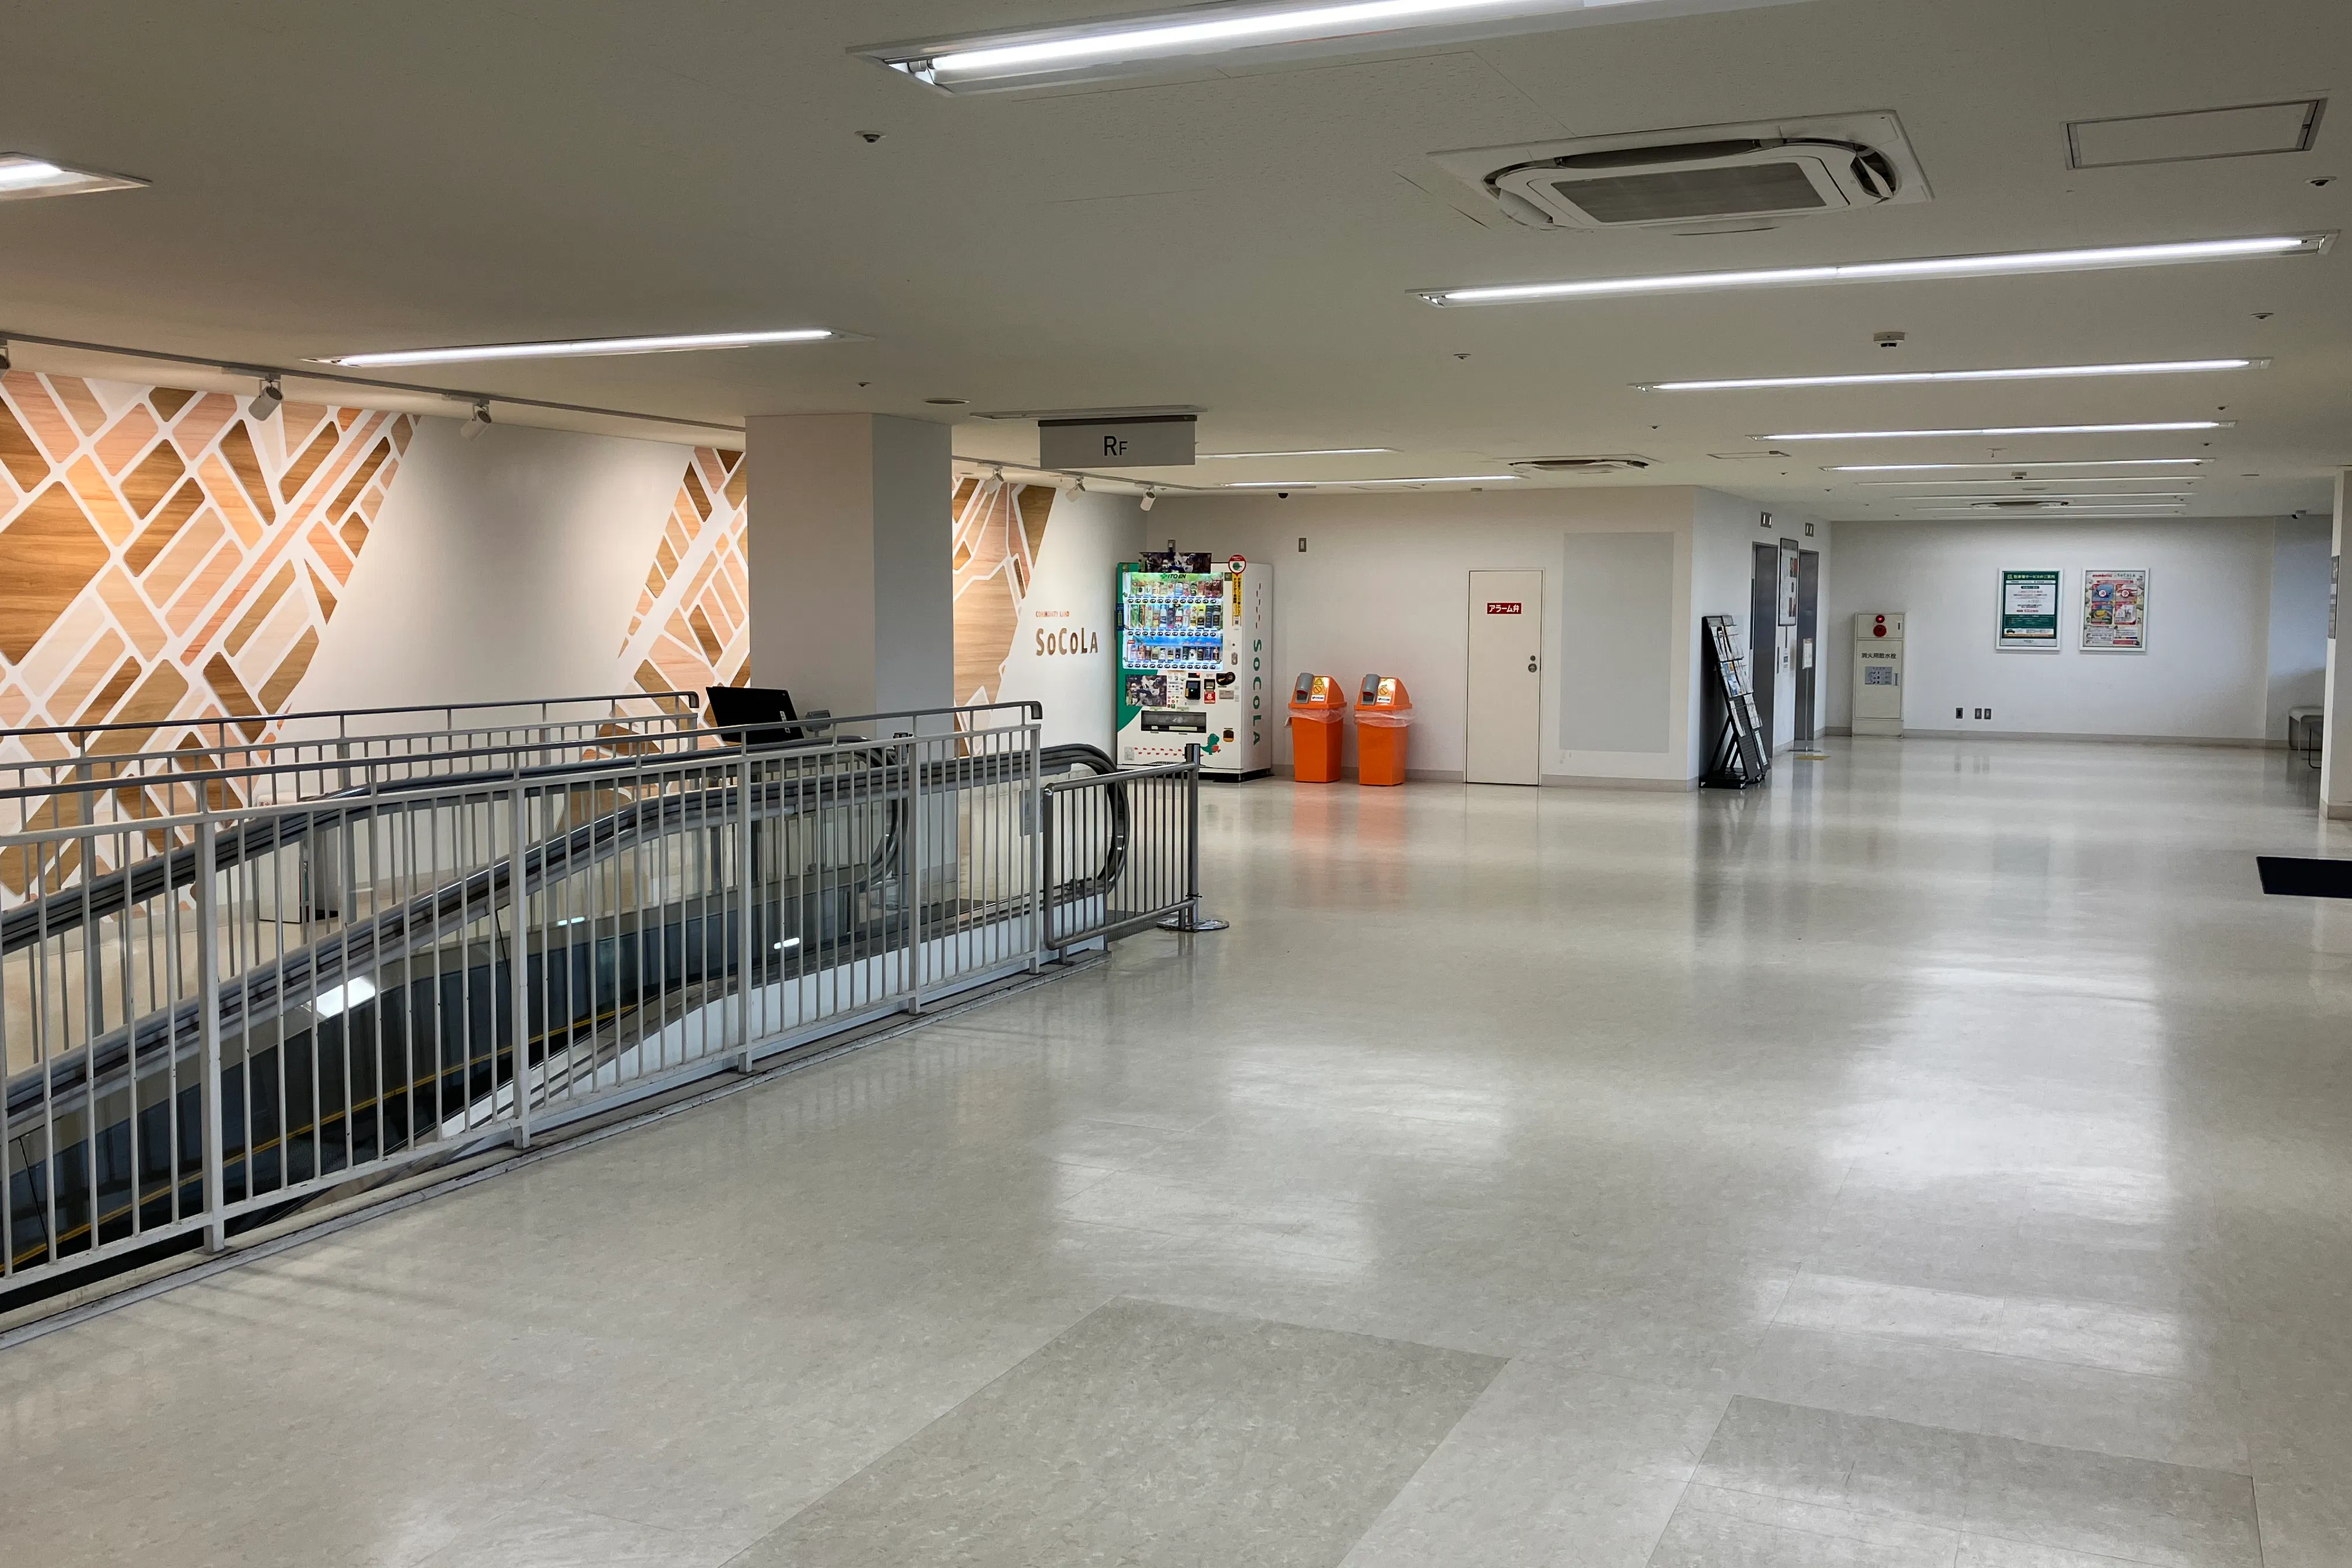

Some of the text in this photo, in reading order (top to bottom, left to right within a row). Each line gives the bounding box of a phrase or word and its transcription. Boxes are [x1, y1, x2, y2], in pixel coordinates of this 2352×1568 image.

[1104, 436, 1128, 456] RF
[1489, 604, 1520, 612] アラーム弁
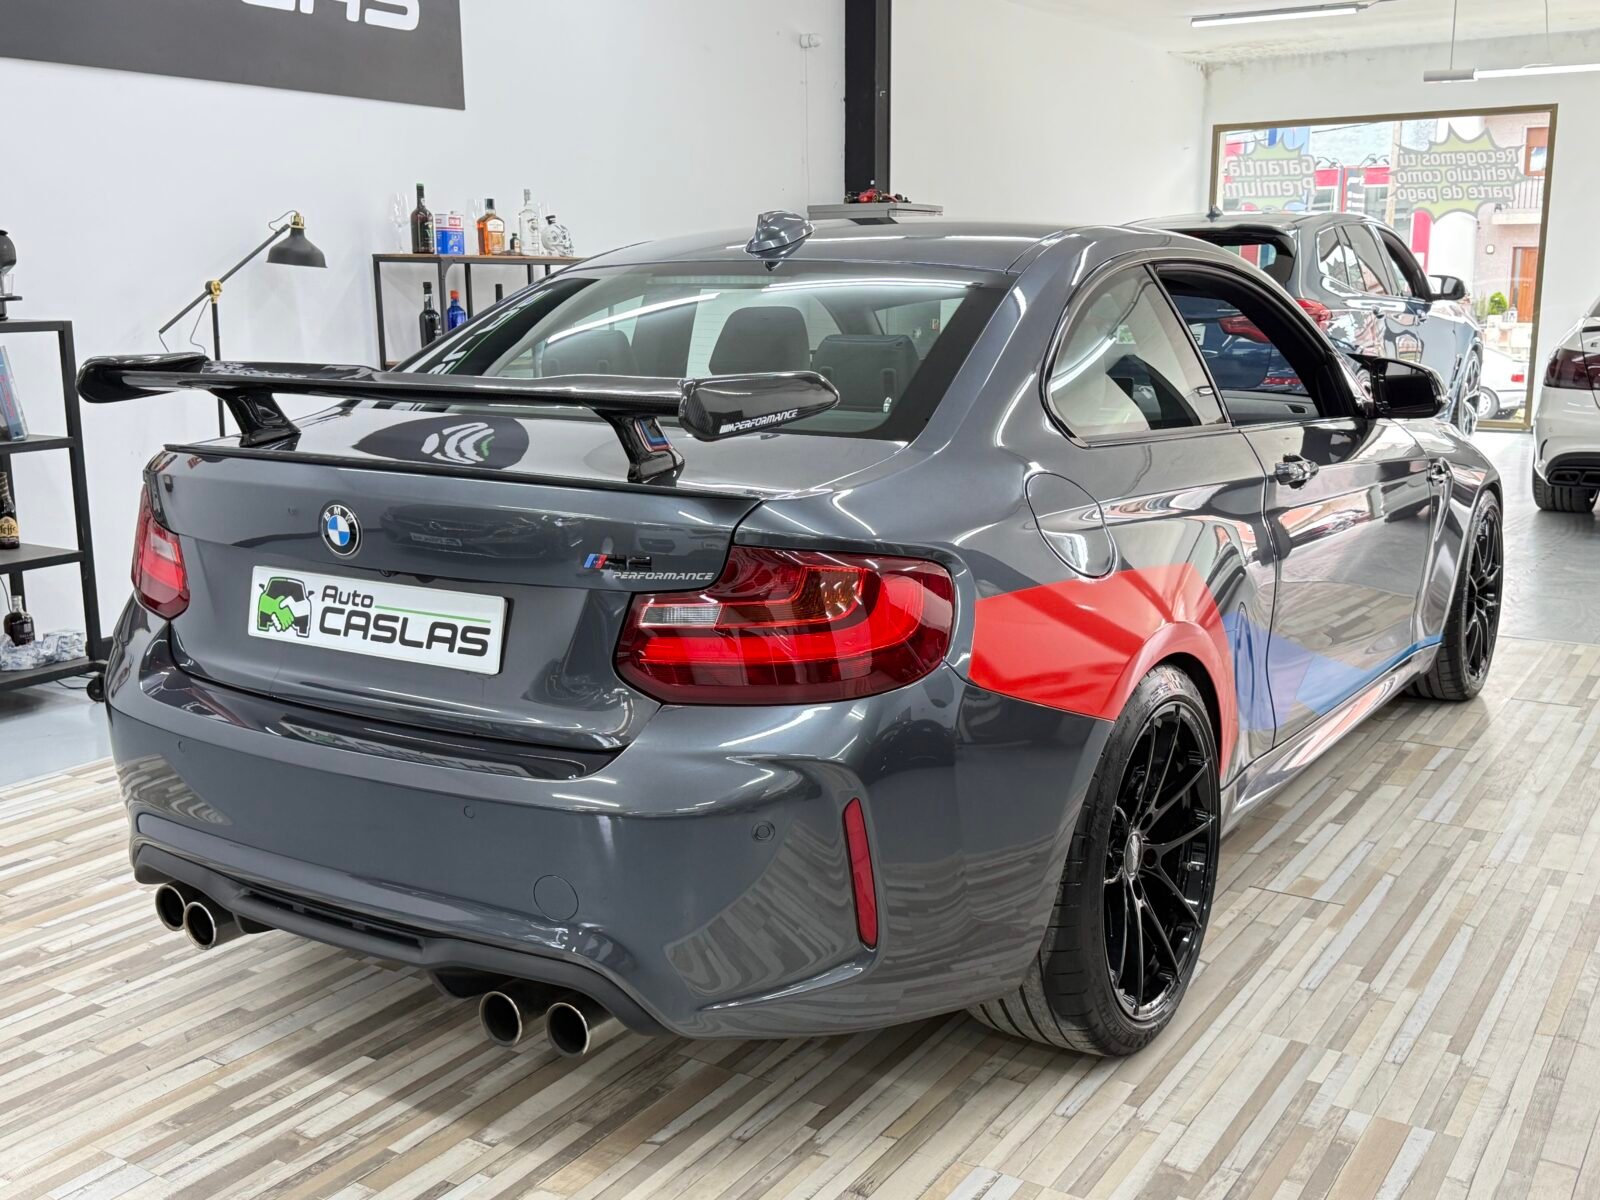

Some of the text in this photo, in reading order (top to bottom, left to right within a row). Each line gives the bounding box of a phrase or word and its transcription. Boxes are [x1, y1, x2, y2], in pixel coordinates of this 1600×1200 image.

[323, 505, 355, 524] BMW
[611, 570, 715, 581] PERFORMANCE
[320, 584, 375, 608] Auto
[318, 605, 492, 658] CASLAS

********

Exercise aim: Every record above should come back exactly, but without its pictures.

Completed exercise:
Some of the text in this photo, in reading order (top to bottom, left to right within a row). Each line gives the bounding box of a phrase or word and its transcription. Boxes are [x1, y1, x2, y2], in pixel coordinates of this 2352×1568 image.

[1104, 436, 1128, 456] RF
[1489, 604, 1520, 612] アラーム弁

Some of the text in this photo, in reading order (top to bottom, left to right within a row). Each line gives the bounding box of a phrase or word and its transcription. Boxes are [x1, y1, x2, y2], in pixel coordinates of this 1600×1200 image.

[323, 505, 355, 524] BMW
[611, 570, 715, 581] PERFORMANCE
[320, 584, 375, 608] Auto
[318, 605, 492, 658] CASLAS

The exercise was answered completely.